**Study material:**
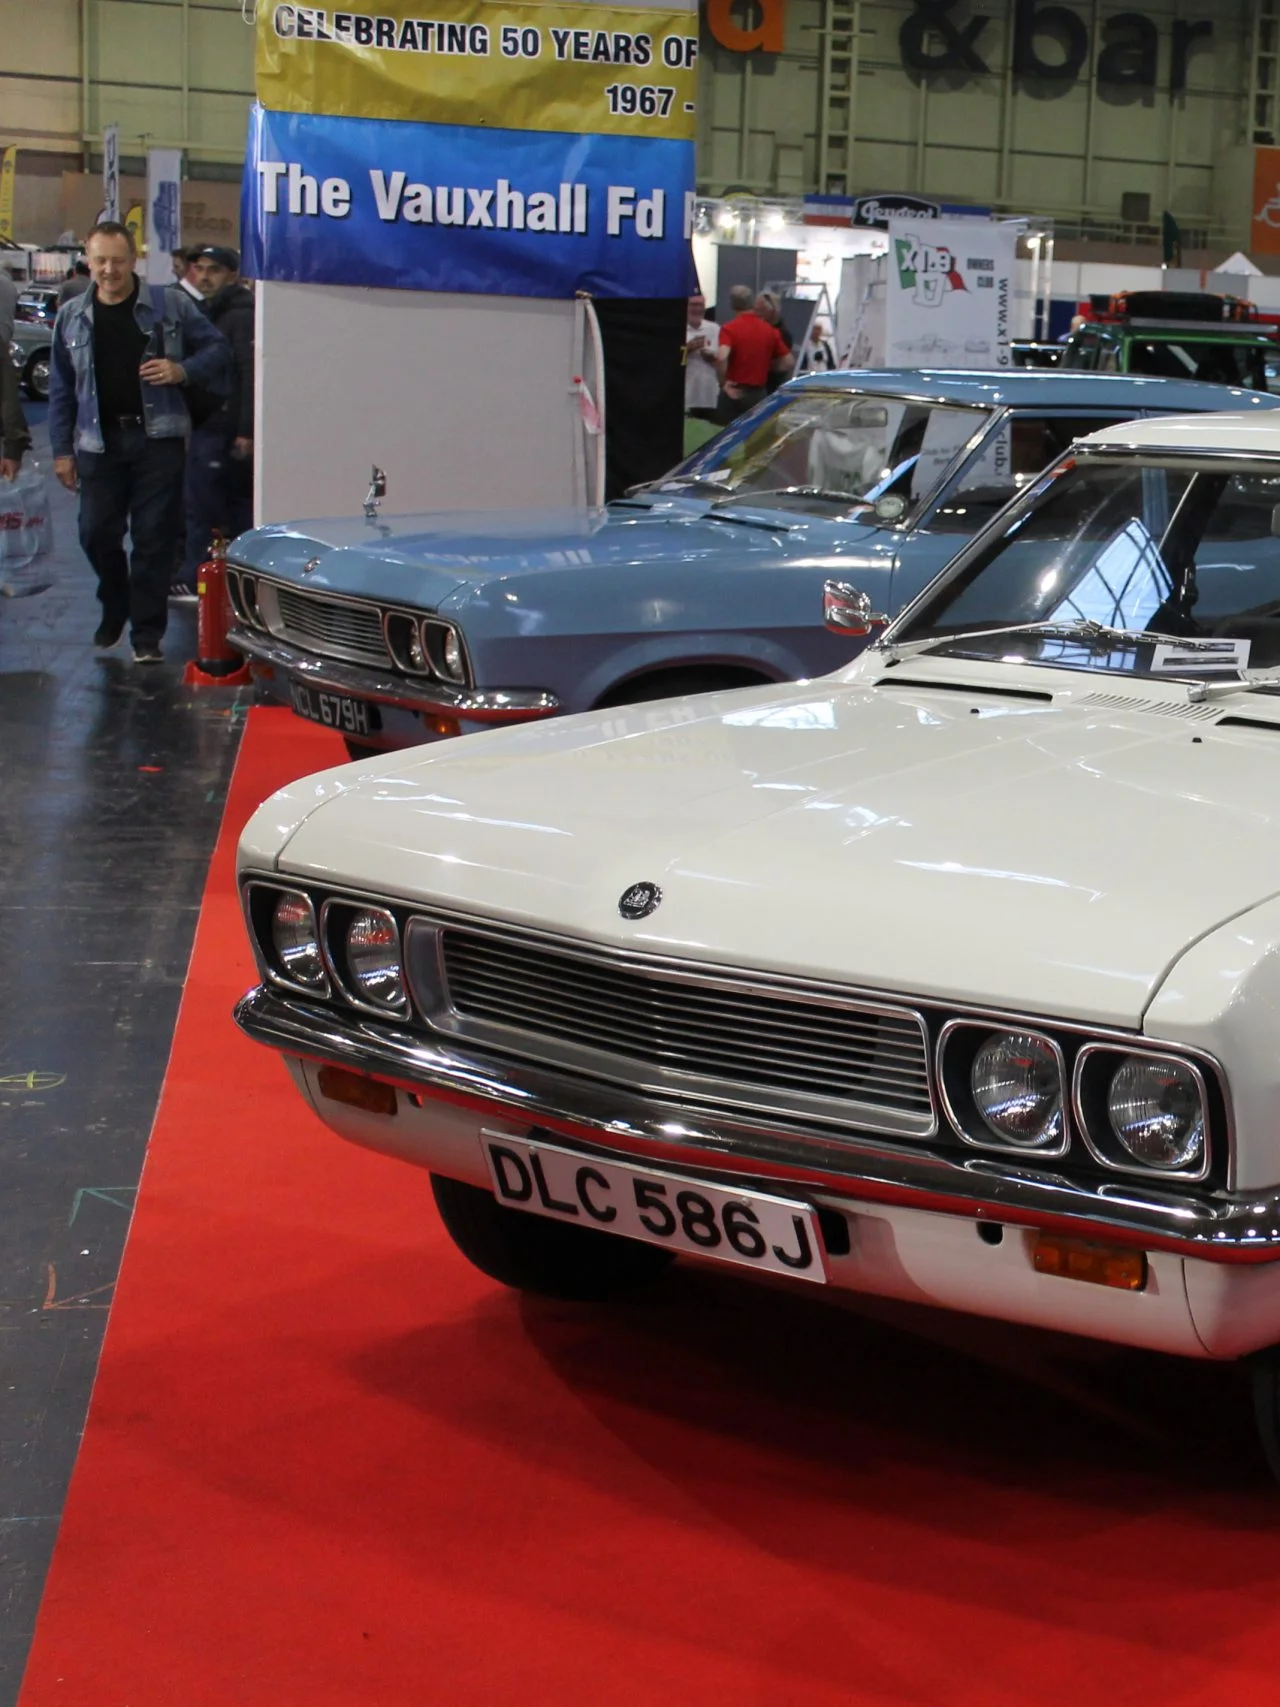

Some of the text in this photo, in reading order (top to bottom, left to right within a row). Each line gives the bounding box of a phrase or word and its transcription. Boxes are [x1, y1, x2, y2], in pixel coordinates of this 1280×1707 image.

[273, 5, 697, 69] CELEBRATING 50 YEARS OF
[605, 83, 676, 117] 1967
[258, 161, 351, 218] The
[369, 169, 588, 234] Vauxhall
[607, 185, 665, 239] Fd
[319, 693, 368, 735] 679H
[487, 1143, 814, 1270] DLC 586J

**Prompt:**
All pictures are to be dropped, and the records above returned exactly.

**Written solution:**
Some of the text in this photo, in reading order (top to bottom, left to right within a row). Each line gives the bounding box of a phrase or word and its transcription. Boxes are [x1, y1, x2, y2], in pixel coordinates of this 1280×1707 image.

[273, 5, 697, 69] CELEBRATING 50 YEARS OF
[605, 83, 676, 117] 1967
[258, 161, 351, 218] The
[369, 169, 588, 234] Vauxhall
[607, 185, 665, 239] Fd
[319, 693, 368, 735] 679H
[487, 1143, 814, 1270] DLC 586J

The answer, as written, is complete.